Kinematic analysis of the swim start was performed using computer software for 2D kinematic analysis (Dartfish, v., Fribourg, Switzerland).

The measured parameters for the swim start performance were time at 15 m (T15m, time from the start signal until the moment when the swimmer's head passes through the 15-m mark) and entry time (ET, time from the first contact with the water to full body entry).

Countermovement jump

The CMJ was used to measure the power of the lower extremities, with a force plate (Kistler, QuattroJump 9290DD, Winterthur, Switzerland), with a sampling rate of 500 Hz. Before performing the jump, the participants were instructed to put their hands on their hips. The CMJ was performed at the swimming pool, in a swimsuit and barefoot to bring the measurement procedure closer to actual conditions and achieve good ecological validity.

Before performing the CMJ, the participants stood motionless on a force plate (Kistler QuattroJump) for more than one second to measure their body weight (N)41. Raw ground reaction force (GRF) data were exported for processing into custom adapted software (MATLAB, v. R2018a (, MathWorks, Inc., Natick, Massachusetts, USA). Vertical GRF data were extracted only along the vertical axis (Fz). After extracting raw Fz from a force plate, the data were smoothed using a fourth-order low pass Butterworth digital filter with a cut-off frequency of 50 Hz42. The Fz jump profile was divided into unloading, eccentric (yielding and braking), and concentric phases (Fig. 5). The onset of movement43, the onset of braking and the concentric phase41, and contact time43 were determined with the methods proposed in a recent study.

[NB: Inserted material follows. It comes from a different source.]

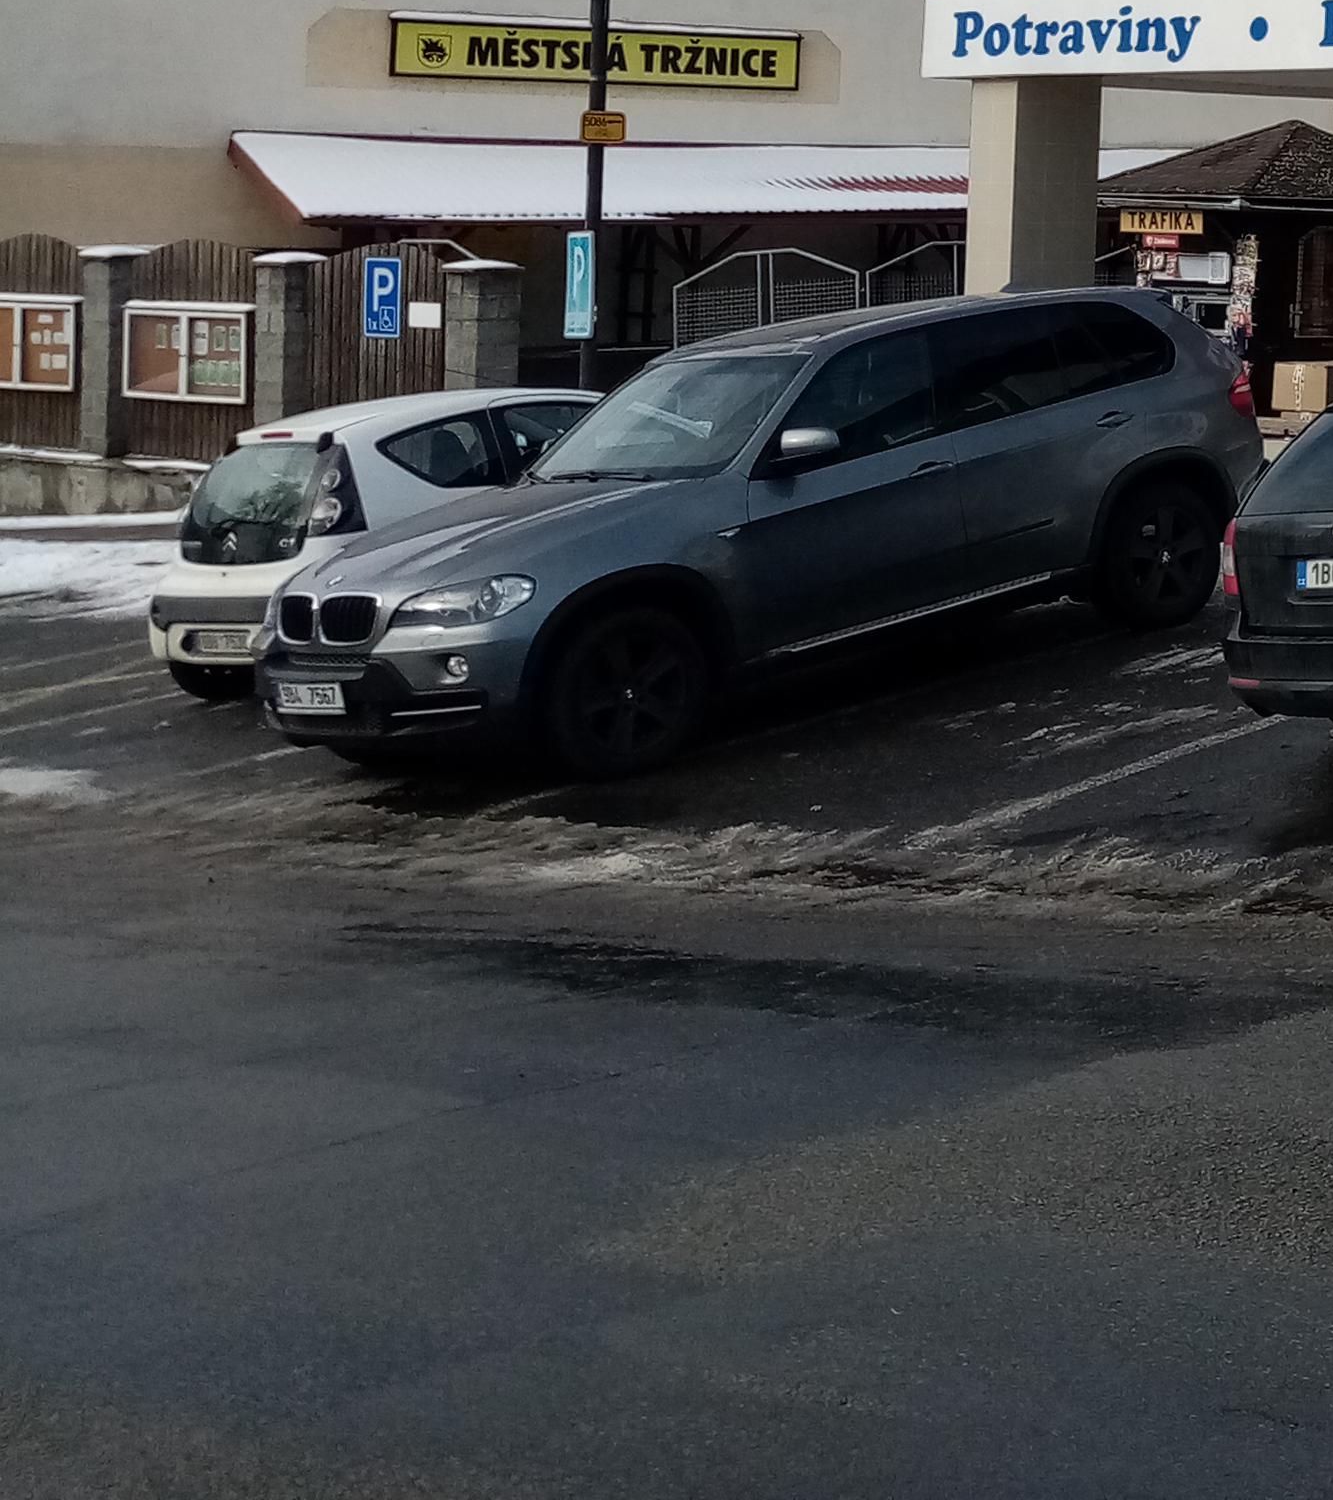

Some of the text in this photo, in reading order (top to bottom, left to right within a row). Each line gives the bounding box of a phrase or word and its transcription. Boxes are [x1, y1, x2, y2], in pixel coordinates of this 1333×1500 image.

The measured parameters were jump height (JH), the reactive strength index modified (RSImod), peak power (PP), the eccentric rate of force development (ERFD), and the index of explosive strength (IES). All dependent variable calculations are presented in Table 2.

Table 2 Calculation of dependent variables.

Statistical analysis

All data analyses were carried out using the SPSS Statistical Package for Social Sciences (IBM SPSS, version 23.0; IBM SPSS, Armonk, NY, United States). Means, standard errors, and the Kolmogorov–Smirnov test were computed. Differences were compared by using the one-way repeated-measures ANOVA and the Bonferroni method. Effect size (ES) and percentage of change in performance were also computed. Moreover, the smallest important effect for each dependent variable was applied to observe the actual change in performance. The smallest important effect was defined as the smallest worthwhile change deemed practically significant to the swimmers. For each effect, the threshold value for the smallest important effect was 0.2. The probabilities that the actual difference in performance was harmful, trivial, or beneficial were expressed as percentages, reflecting the following descriptors: 1%, almost certainly not; 1–5%, very unlikely; 5–25%, unlikely; 25– 75%, possibly; 75–95%, likely; 95–99%, very likely; 0.99%, almost certainly44.

Ethics declarations

The Ethics Committee of the Faculty of Sport and Physical Education, University of Niš, Serbia, obtained ethical review and approval. The experimental procedures reported in this study were performed following the ethical standards of the Declaration of Helsinki, and the participants and their parents signed informed consent forms.